Koch Industries, the privately owned industrial conglomerate, is using any available method to fight the enforcement of laws to limit its toxic pollution. This summer’s “Regulation Reality Tour,” produced by Koch’s grassroots marketing arm Americans for Prosperity (AFP), featured a “moon bounce in the shape of a SWAT car for children,” ostensibly symbolizing the boogeyman of Environmental Protection Agency “Carbon Cops.” “Let’s make sure we keep doing our part to ensure that our generation passes on to our children and grandchildren the same freedoms we enjoyed,” AFP cries, in protest of sewage overflow rules.

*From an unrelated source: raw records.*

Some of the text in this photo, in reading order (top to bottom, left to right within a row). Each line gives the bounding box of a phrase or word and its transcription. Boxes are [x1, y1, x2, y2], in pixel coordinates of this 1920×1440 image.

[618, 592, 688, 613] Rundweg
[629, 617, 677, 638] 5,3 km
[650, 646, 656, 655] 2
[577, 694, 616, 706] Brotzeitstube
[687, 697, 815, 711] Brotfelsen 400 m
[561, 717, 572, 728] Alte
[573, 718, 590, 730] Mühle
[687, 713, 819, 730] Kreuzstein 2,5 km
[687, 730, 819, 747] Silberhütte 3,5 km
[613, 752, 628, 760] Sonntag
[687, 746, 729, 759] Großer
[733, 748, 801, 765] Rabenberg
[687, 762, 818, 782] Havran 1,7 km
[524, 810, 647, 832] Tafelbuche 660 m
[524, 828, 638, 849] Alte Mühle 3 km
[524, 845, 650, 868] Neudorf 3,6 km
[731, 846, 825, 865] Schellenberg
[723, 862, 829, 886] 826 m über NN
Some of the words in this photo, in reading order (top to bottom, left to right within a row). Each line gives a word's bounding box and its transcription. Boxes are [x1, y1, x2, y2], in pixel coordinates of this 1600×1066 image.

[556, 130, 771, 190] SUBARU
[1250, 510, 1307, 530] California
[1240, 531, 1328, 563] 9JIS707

While AFP stokes fear in its Tea Party network about the supposed economic and libertarian disaster of reducing pollution, Koch’s lawyers and contractors flood the Obama administration with submissions challenging proposed rules so that it can keep pumping out pollution for free. Here are just a few of the health and environmental rules that Koch Industries and its many subsidiaries are challenging:
- Koch Industries is protesting the EPA’s effort to update the Toxic Substances Control Act Chemical Substance Inventory. [Docket EPA-HQ-OPPT-2009-0187]

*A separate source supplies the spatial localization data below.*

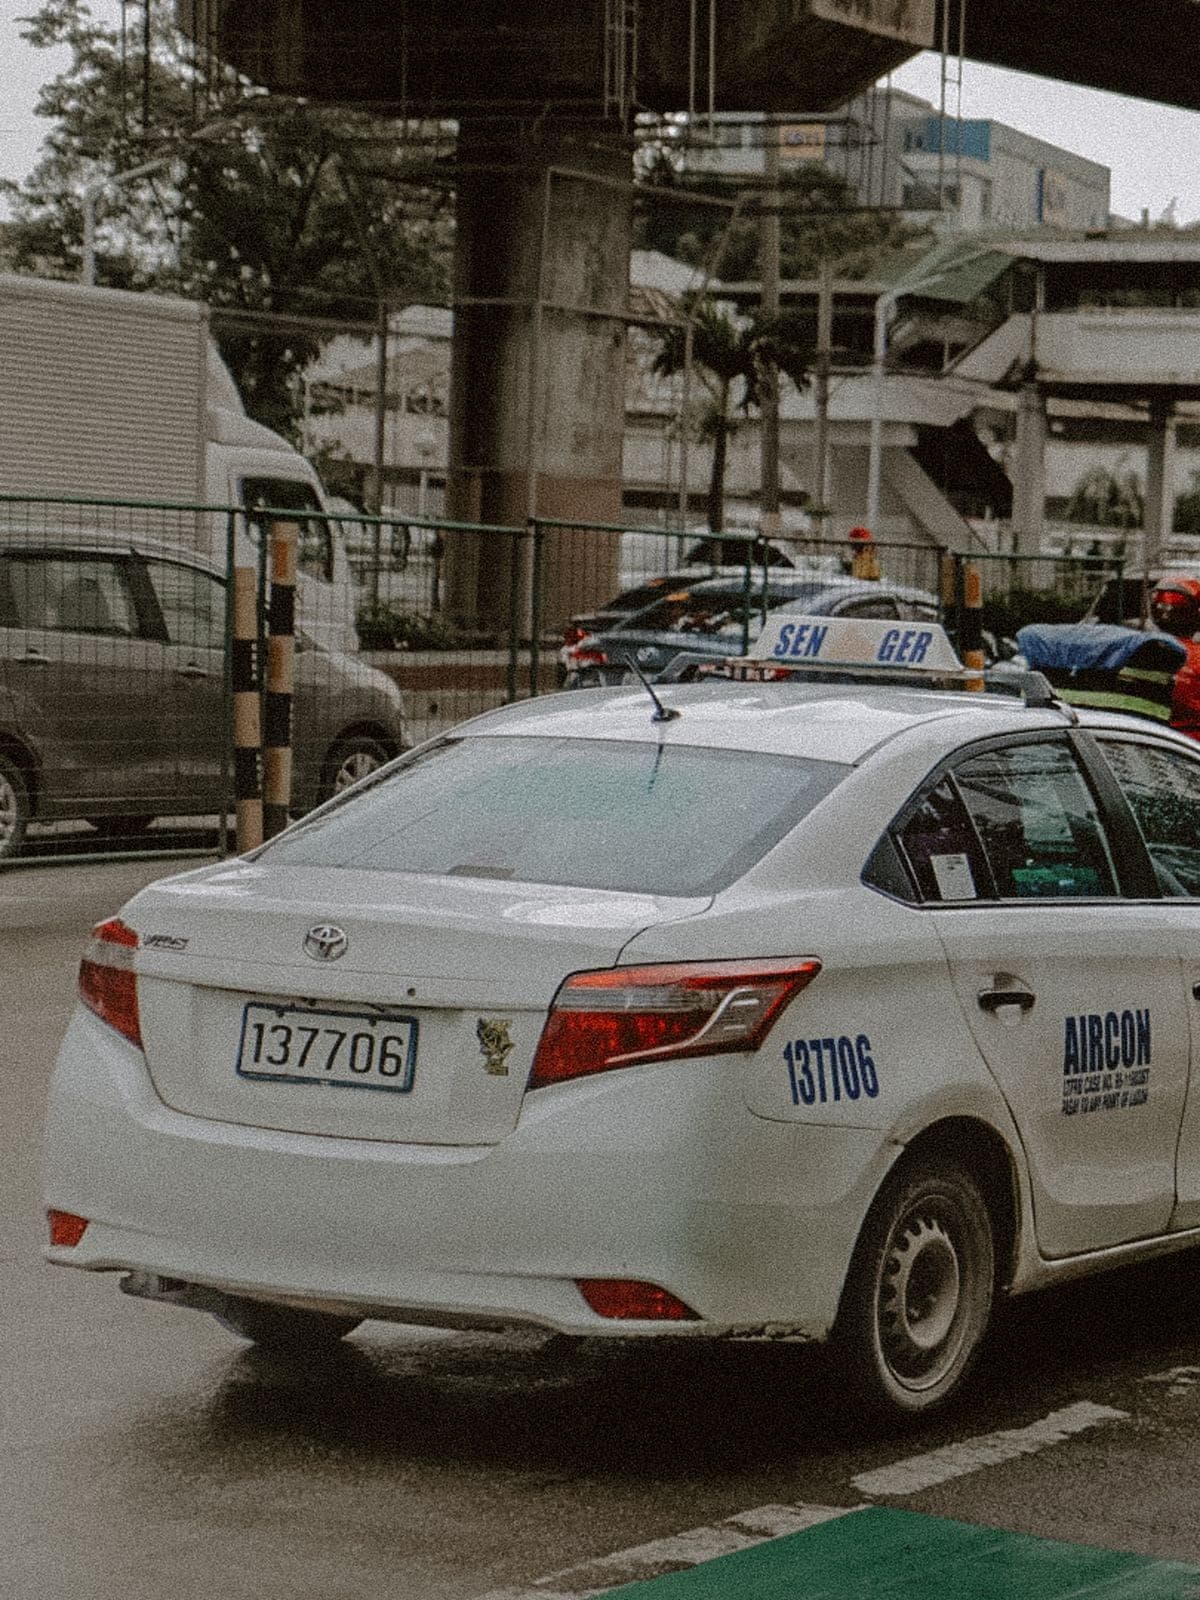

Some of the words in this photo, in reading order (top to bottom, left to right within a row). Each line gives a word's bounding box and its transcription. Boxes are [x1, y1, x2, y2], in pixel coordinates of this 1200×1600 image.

[774, 624, 828, 657] SEN
[876, 629, 933, 663] GER
[252, 1022, 404, 1077] 137706
[783, 1034, 880, 1105] 137706
[1063, 1008, 1151, 1076] AIRCON
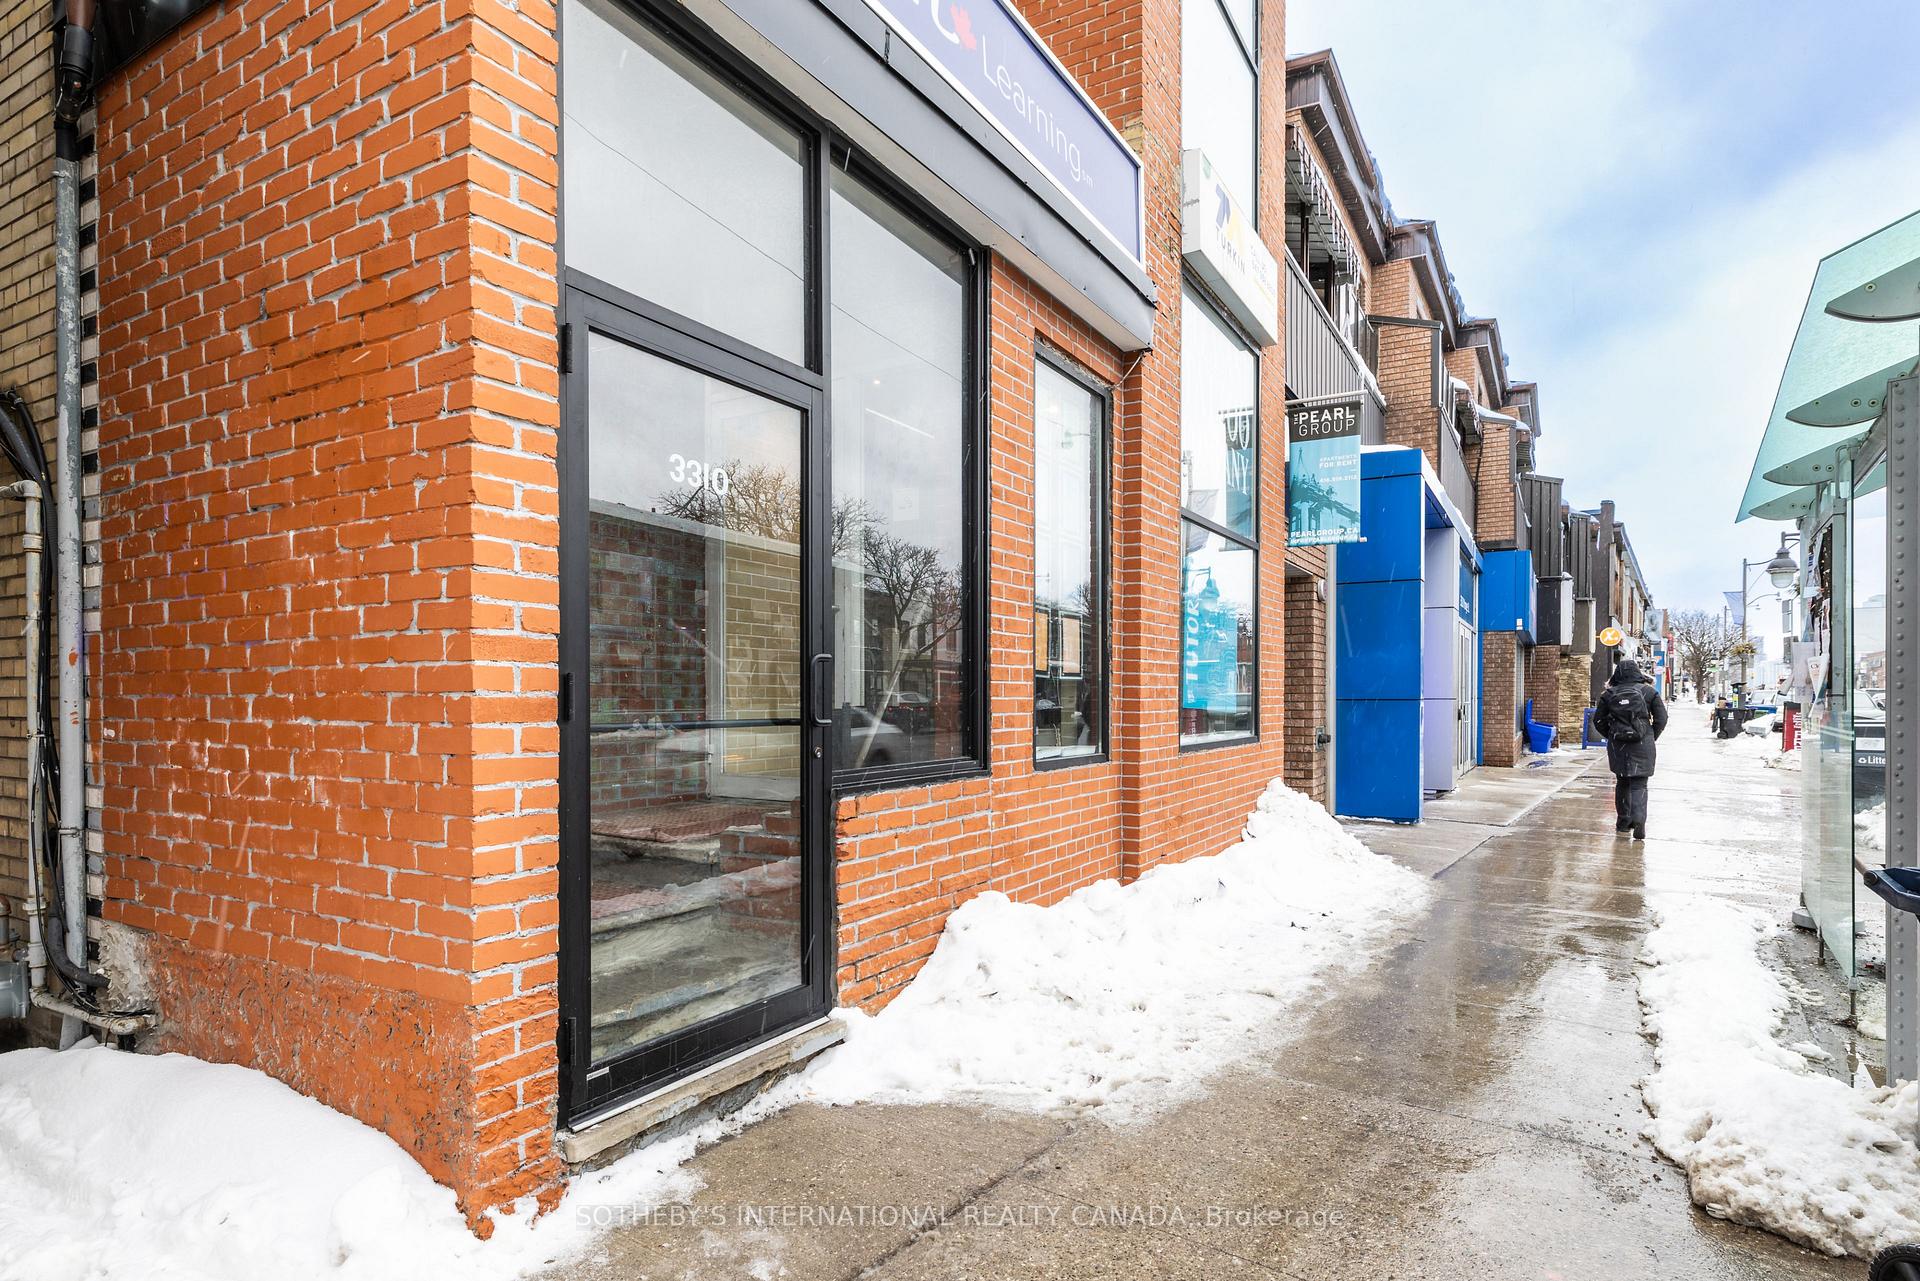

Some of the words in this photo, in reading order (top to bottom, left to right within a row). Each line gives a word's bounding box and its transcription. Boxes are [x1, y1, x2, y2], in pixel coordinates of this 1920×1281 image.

[982, 34, 1081, 182] Learning
[1215, 226, 1246, 275] TURKIN
[1298, 406, 1356, 425] PEARL
[1298, 418, 1355, 437] GROUP
[669, 453, 729, 497] 3310
[1185, 597, 1200, 686] TUTOR

- Koch Nitrogen Co. LLC, the Koch Industries fertilizer subsidiary, is challenging the disclosure of unit-specific or facility-specific greenhouse pollution, calling it “misguided.” [Docket EPA-HQ-OAR-2008-0508]
- Flint Hills Resources, LP, the Koch Industries oil and gas subsidiary which operates six major hazardous air pollutant facilities, is protesting EPA’s proposed national emissions standards for hazardous air pollutants from industrial boilers. [Docket EPA-HQ-OAR-2002-0058]

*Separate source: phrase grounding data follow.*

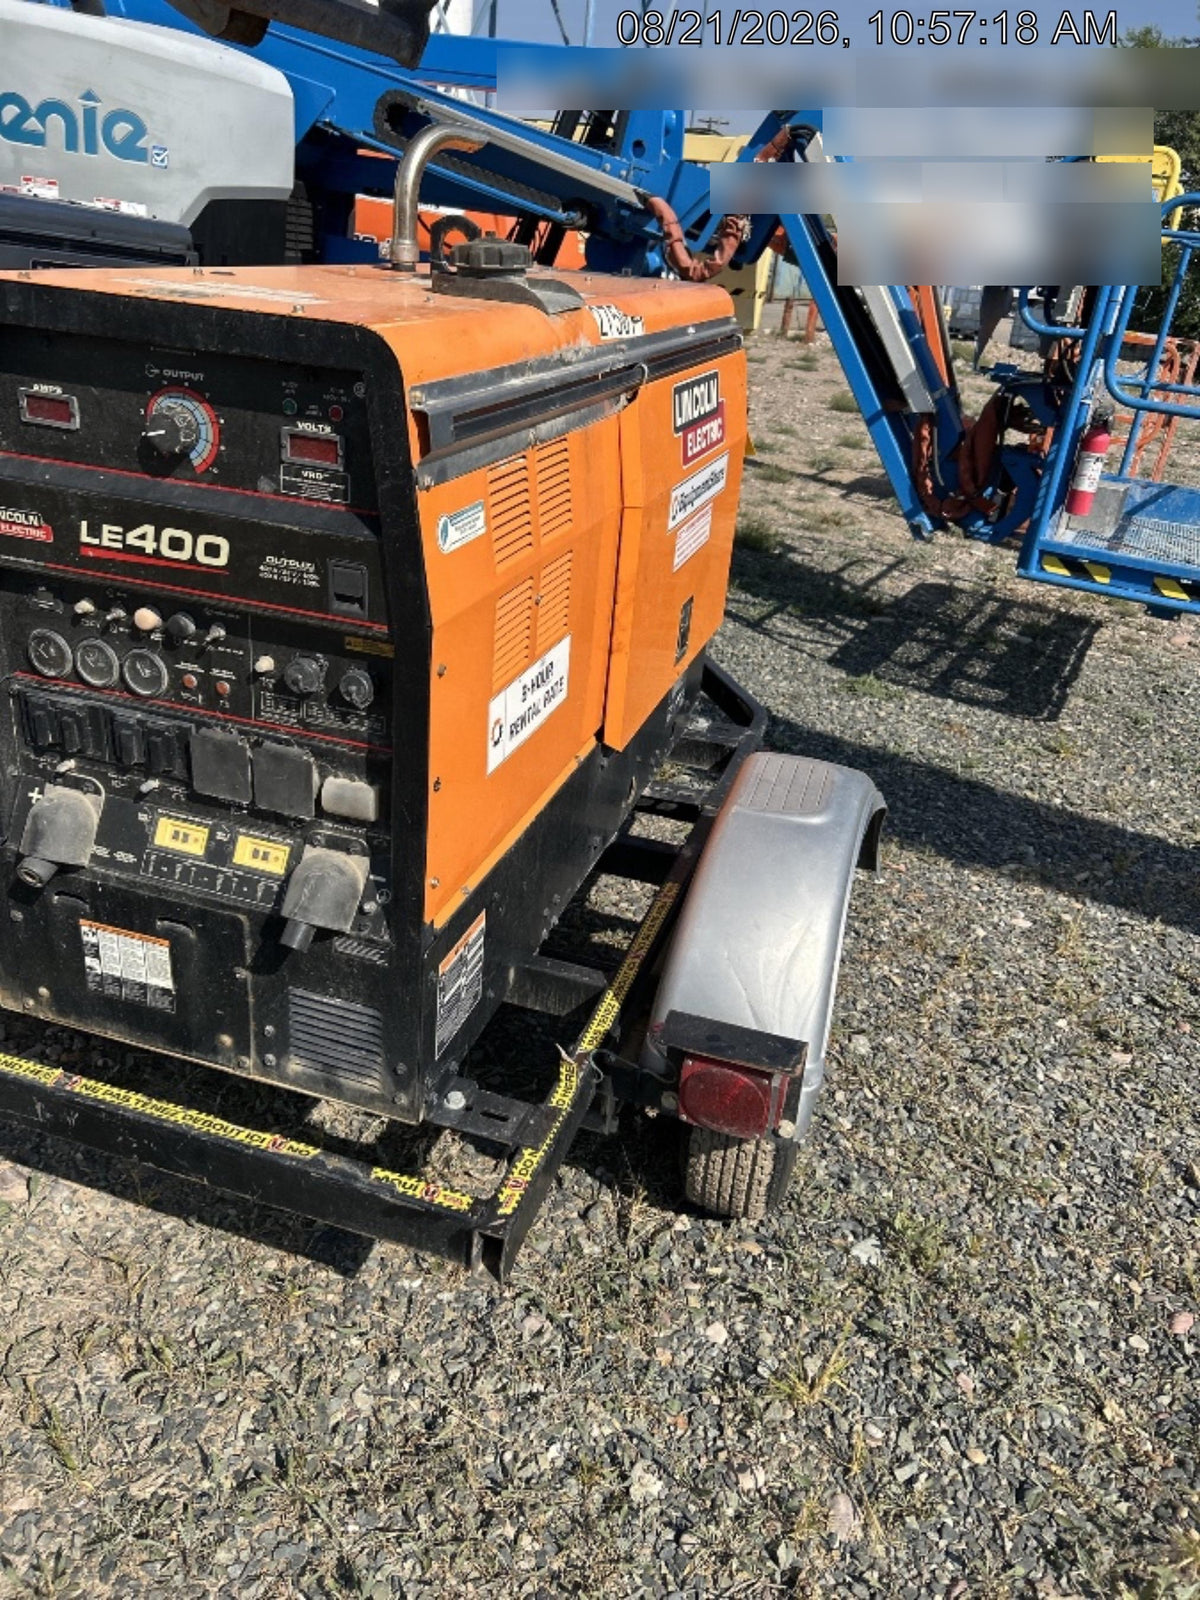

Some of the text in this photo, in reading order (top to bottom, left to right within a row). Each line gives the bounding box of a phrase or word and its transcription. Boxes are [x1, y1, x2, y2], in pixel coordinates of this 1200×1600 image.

[32, 383, 63, 395] AMPS
[163, 369, 205, 382] OUTPUT
[675, 378, 718, 428] LINCOLN
[296, 421, 332, 434] VOLTS
[687, 416, 723, 458] ELECTRIC
[79, 520, 230, 567] LE400
[508, 675, 565, 742] RENTAL RATE
[80, 1083, 100, 1095] NE
[102, 1088, 131, 1104] PAS
[182, 1111, 243, 1139] DEBOUT
[245, 1131, 266, 1145] ICI
[286, 1144, 311, 1157] NO

- Flint Hills Resources “supports the elimination of all crude oil data reporting requirements” for greenhouse pollution compliance. [Docket EPA-HQ-OAR-2010-0109]
- Georgia Pacific, the Koch Industries forestry product subsidiary, claims that dioxins aren’t really toxic or carcinogenic. [Docket EPA-HQ-ORD-2010-0395]
- Georgia Pacific, is fighting the EPA’s efforts to tighten water quality standards for stream-dumping. [Docket EPA-HQ-OW-2009-0596]
- Invista, a Koch Industries chemical subsidiary, argues that chemical plant greenhouse pollution should not be monitored. [Docket EPA-HQ-OAR-2008-0508]
After eight years of inaction under the Bush presidency, the health and safety of the American public is now a higher priority than polluter profits — but Koch Industries and other industrial polluters are fighting tooth and nail, even if they have to poison our democracy to win.